Overview of ATP's Advance Ruling
Arbejdsmarkedets Tillægspension (ATP) has officially informed Copenhagen Airports A/S about receiving a significant advance ruling from the Danish Financial Supervisory Authority. This ruling pertains to an exemption from the mandatory offer obligation as ATP anticipates an indirect acquisition of control over Copenhagen Airports A/S. This development marks a pivotal moment in the ongoing negotiations and strategic maneuvers within the Danish financial landscape.
Details of the Ruling
The advance ruling indicates that should ATP successfully acquire indirect control, it will be exempted from the requirement to extend an offer to the remaining shareholders of Copenhagen Airports A/S. This exemption comes in light of ATP's agreement with the Danish state to acquire approximately 59.4 percent of the shares in the airports operator. ATP's acquisition strategy reveals a deep commitment to enhancing its portfolio and supporting key national infrastructure.
Interplay with Danish State Agreement
The implications of this ruling are closely tied to the agreement between ATP and the Danish state. According to this arrangement, the Danish state will be obligated to issue a mandatory offer to the minority shareholders of Copenhagen Airports A/S once the transaction is finalized. This mandatory offer aligns with the provisions outlined in Chapter 8 of the Danish Capital Markets Act, ensuring fairness and transparency in the acquisition process.
Regulatory Timeline and Obligations
If the agreement between ATP and the Danish state does not reach completion within the timeframe specified by the Danish Financial Supervisory Authority, ATP may then be required to make a mandatory offer to minority shareholders. This condition underlines the importance of adhering to regulatory guidelines while navigating acquisitions in complex markets.
Future Disclosure Information
Copenhagen Airports A/S is committed to keeping its stakeholders informed. The company will provide further updates as soon as it receives additional notifications from ATP or the Danish state regarding the next steps in ATP's acquisition process.
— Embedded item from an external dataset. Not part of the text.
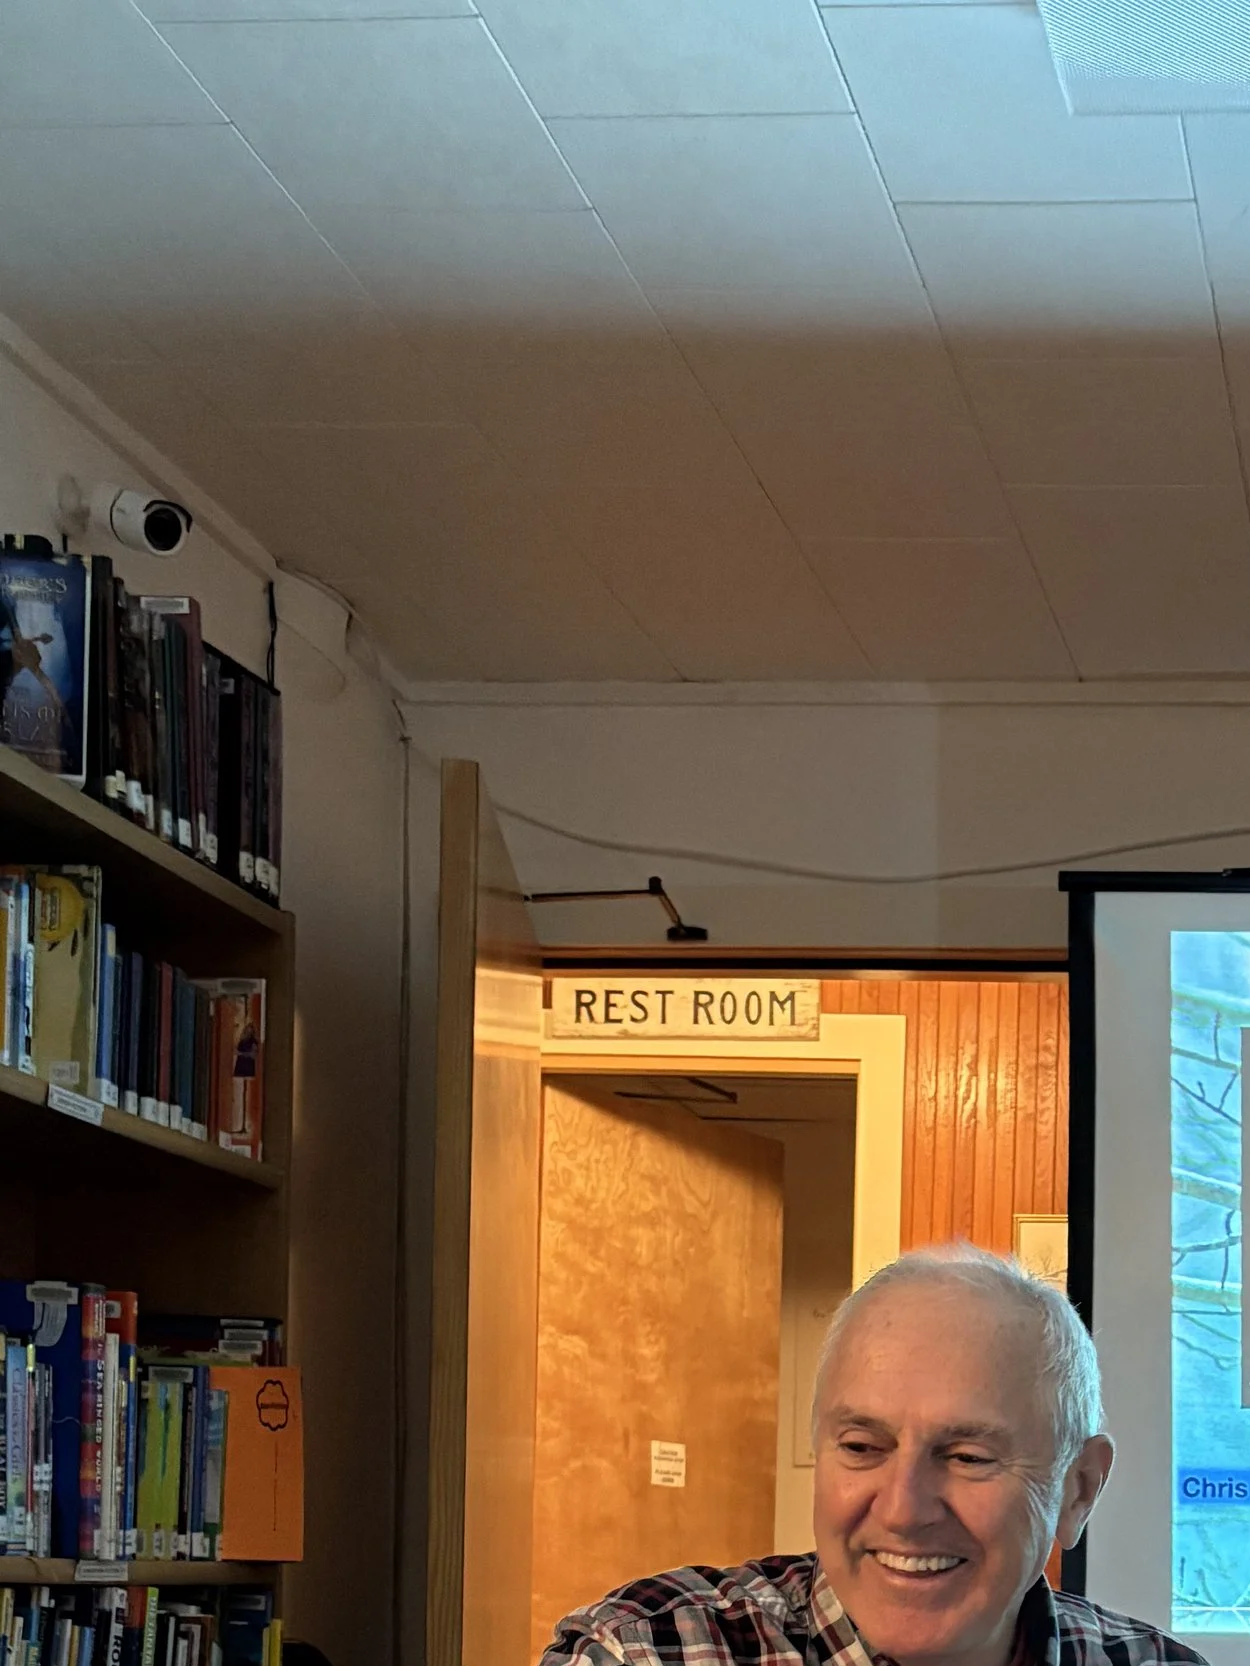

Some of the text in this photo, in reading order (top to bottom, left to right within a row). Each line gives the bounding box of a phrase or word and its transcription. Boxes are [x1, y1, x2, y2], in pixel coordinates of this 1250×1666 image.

[574, 989, 796, 1026] REST ROOM
[1182, 1477, 1248, 1499] Chris
Transparency is crucial as stakeholders prepare for potential changes within the company and the wider market.
Contact Information for Stakeholders
For inquiries related to this acquisition and other company matters, stakeholders can reach out to Lars Nørby Johansen, the Chairman of the Board of Directors. The contact details for communication are as follows:
Telephone: +45 32313231
Email: cphpresse@cph.dk
Company Address:
Copenhagen Airports A/S
P.O. Box 74
Lufthavnsboulevarden 6
DK-2770 Kastrup
Frequently Asked Questions
What is ATP's recent ruling regarding Copenhagen Airports A/S?
ATP received an advance ruling allowing it to acquire control of Copenhagen Airports A/S without needing to make a mandatory offer to minority shareholders.
What percentage of shares will ATP acquire in Copenhagen Airports A/S?
ATP is set to acquire approximately 59.4 percent of the shares in Copenhagen Airports A/S as outlined in their agreement with the Danish state.
What happens if the acquisition agreement is not completed on time?
If the agreement is not finalized within the specified period, ATP will then be obligated to extend a mandatory offer to the minority shareholders of the company.
Who is the contact person for inquiries about this transaction?
Lars Nørby Johansen, the Chairman of the Board of Directors, is available for further inquiries regarding this acquisition.
How will minority shareholders be affected by this acquisition?
Minority shareholders will receive a mandatory offer from the Danish state once ATP completes its acquisition if certain conditions are met.